During the 2009 debate over the Obama health insurance reform, when some Republicans toyed with compromise and co-sponsorship, Senate Minority Leader Mitch McConnell made clear that a unified opposition was a ruthless but imperative political tactic. He later said, “It was absolutely critical that everybody be together because if the proponents of the bill were able to say it was bipartisan, it tended to convey to the public that this is OK, they must have figured it out.” McConnell’s hardball strategy worked. The idea that Obama and the Democrats steamrolled Congress and enacted a hyper-partisan, if not outright socialist, law proved decisively successful in stimulating conservative anger and Republican solidarity.

Democrats took Kristol to heart as well. If Republicans were so afraid of an expansion of the welfare state under Democratic Party auspices, seeing it as a game-changing ideological repudiation of Reaganism, why then, the Democrats would proceed full steam ahead. They were reasonably certain that once something approaching universal health insurance was in place, its roots would sink as deeply into the body politic as Social Security and Medicare. The settled existence of these programs naturalized both the taxes needed to pay for them and the benefits more than 100 million citizens enjoyed and expected. Political scientists have long made this point: an innovative new public policy, no matter how initially divisive, creates its own mass constituency and therefore a “feedback loop” that in turn sustains the policy and the loyalty of the electorate that benefits from it. “New policies create a new politics” is the way some social scientists have put it.

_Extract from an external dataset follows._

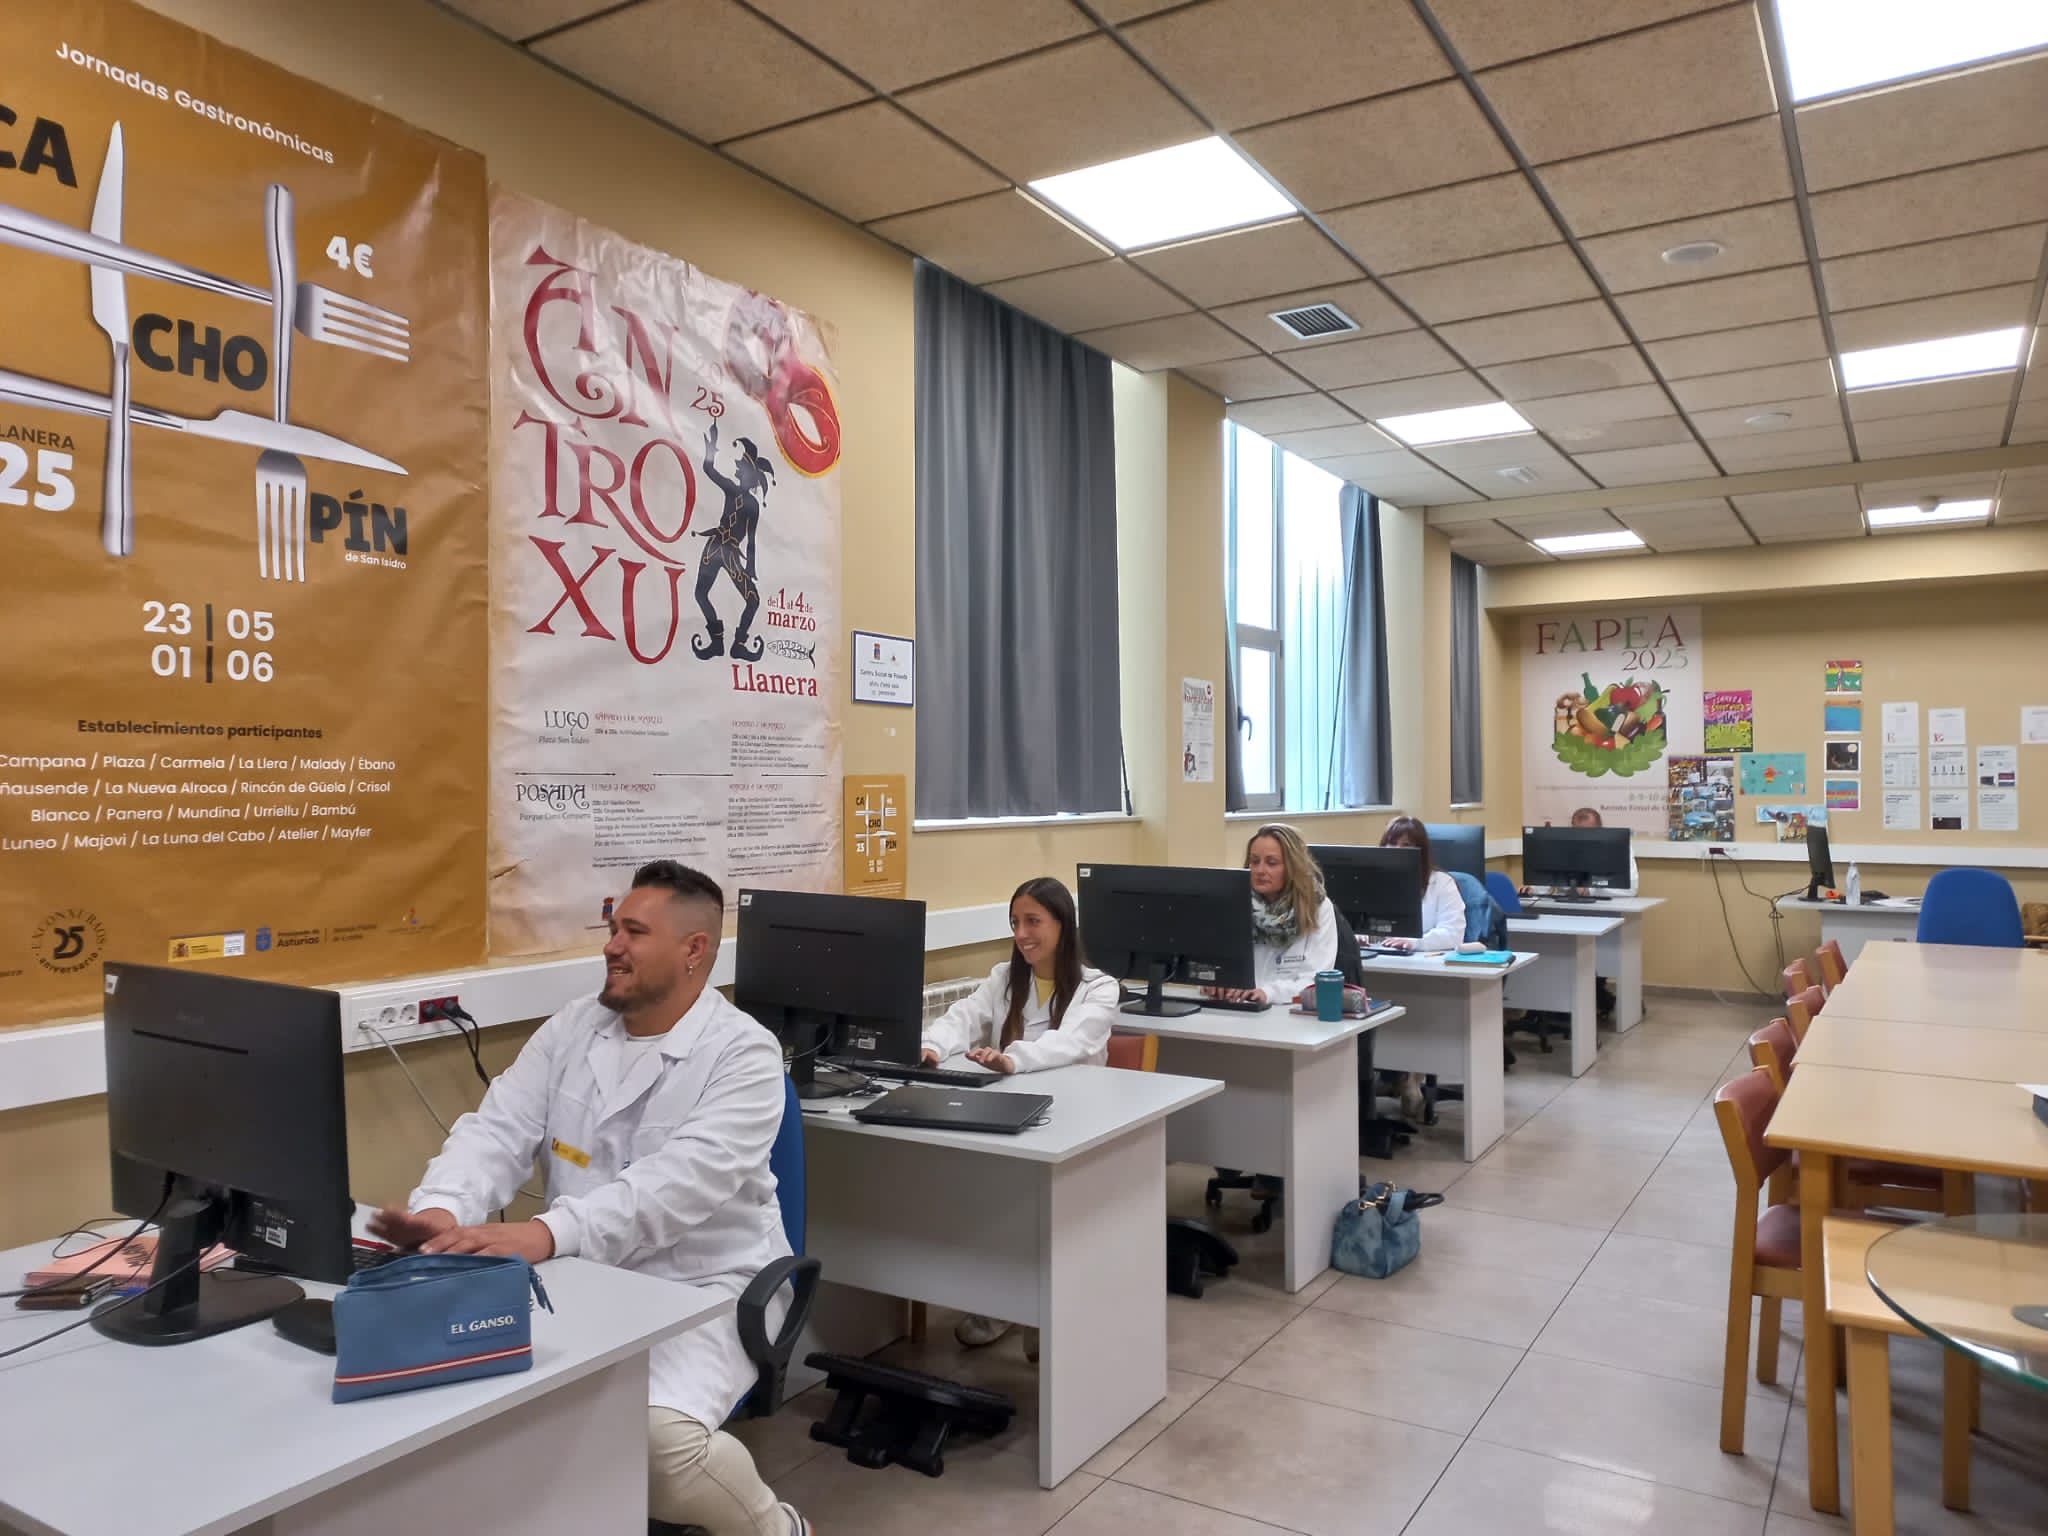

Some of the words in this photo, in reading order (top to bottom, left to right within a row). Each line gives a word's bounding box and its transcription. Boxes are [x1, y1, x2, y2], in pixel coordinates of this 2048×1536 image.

Thus when Obama and the Democrats got their chance to pass a healthcare program in 2009 and 2010, they were convinced that whatever the sausage-making character of its origins, once in place, the new law would create its own powerful constituency. This would be true both among the population at large as well as the interest groups that had bargained with the administration during the months when the ACA was being negotiated through Congress.

At first, prospects looked good. Obama had a much bigger electoral mandate than Clinton and the Democrats fifteen years before, and his congressional majorities were much larger and more ideologically united. Conservative “blue dog” Democrats knew that legislative failure on the healthcare front spelled their certain electoral defeat, as it had for Democratic moderates from Southern districts in 1994. And party unanimity, especially in the Senate, was essential if the Democrats were to retain a filibuster-proof sixty-vote majority, even if only for a brief few months in the fall of 2009.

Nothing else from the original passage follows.